Elvie, the inventor of the world’s first silent, wearable breast pump, is hoping that by making breasts more visible, it can help end the stigma surrounding breastfeeding and pumping in public.


To do so, Elvie placed five gargantuan breasts of all shapes, sizes, and colors around London on Mother’s Day, March 31, and encouraged people to post photos of them on social media under #FreeTheFeed.

“It’s an invitation to everyone to stand with all those women that have felt shamed or confined when breastfeeding or pumping,” Tania Boler, CEO of Elvie, told the Shropshire Star of the initiative. “We know the giant boobs will raise a few eyebrows, but we want to make sure no one overlooks the way this stigma has been used to repress women.”

Studies show that England has a long way to go to reduce the social stigma surrounding breastfeeding.

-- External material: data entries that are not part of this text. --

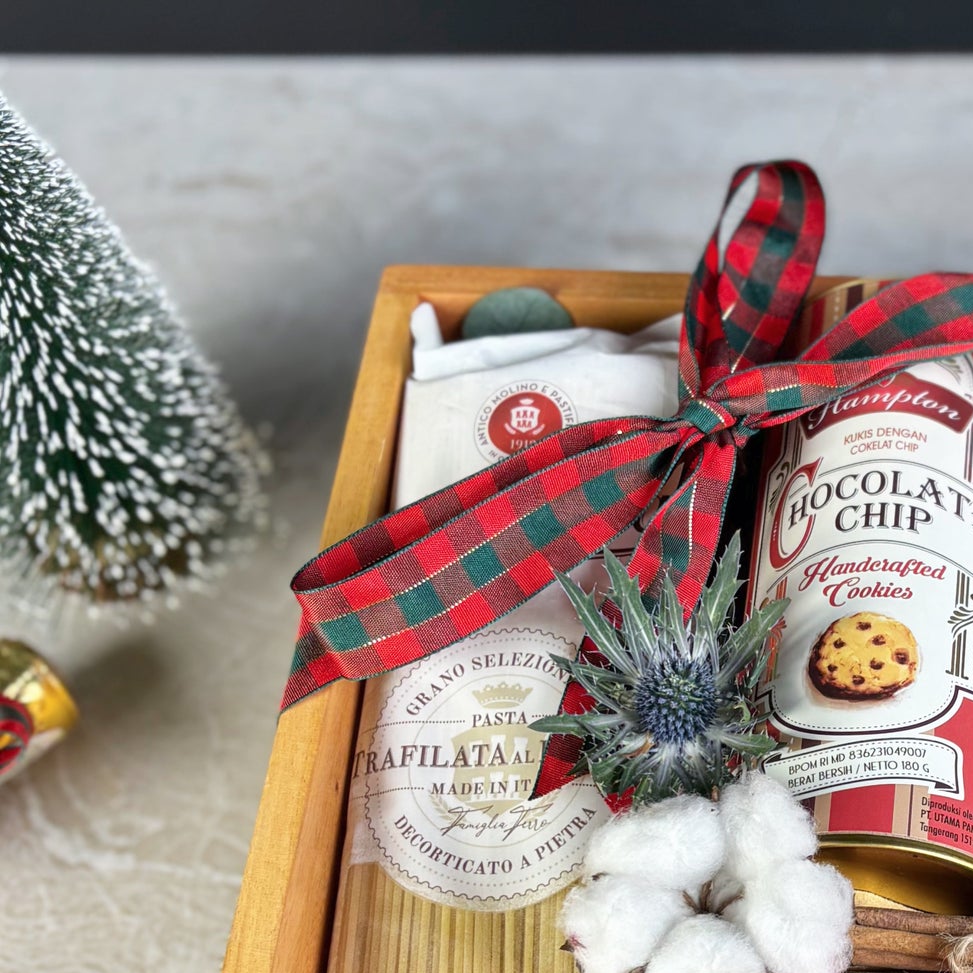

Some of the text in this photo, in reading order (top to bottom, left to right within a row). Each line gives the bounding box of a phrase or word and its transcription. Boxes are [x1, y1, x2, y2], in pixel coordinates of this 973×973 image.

[478, 383, 549, 446] ANTICO MOLINO E
[808, 389, 961, 430] Hampton
[843, 427, 928, 446] KUKIS DENGAN
[849, 440, 919, 455] COKELAT CHIP
[834, 502, 934, 534] CHIP
[798, 555, 947, 591] Handcrafted
[822, 577, 913, 607] Cookies
[406, 652, 569, 716] GRANO SELEZION
[472, 710, 528, 728] PASTA
[352, 743, 509, 779] TRAFILATA
[512, 750, 535, 765] AL
[788, 760, 930, 788] BERAT BERSIH NETTO 180 G
[789, 760, 818, 776] BPOM
[831, 753, 846, 765] MD
[430, 781, 508, 795] MADE IN
[921, 796, 962, 815] Diproduksi
[934, 809, 961, 829] UTAMA
[394, 806, 597, 875] DECORTICATO A PIETRA
[920, 821, 959, 843] Tangerang

According to The Guardian, 60% of English women feel embarrassed about breastfeeding in public. While 20% believe that others don’t want to see them breastfeeding, and 10% who chose not to nurse their babies were “influenced by the worry of doing so outside the home.”

“Every woman has the right to decide how and where they feed their children without feeling guilty or embarrassed about their parenting choices,” Elvie said in a statement. “We want to empower women to feel safe and comfortable breastfeeding or pumping in public and encourage the British public to support them breastfeeding in public.”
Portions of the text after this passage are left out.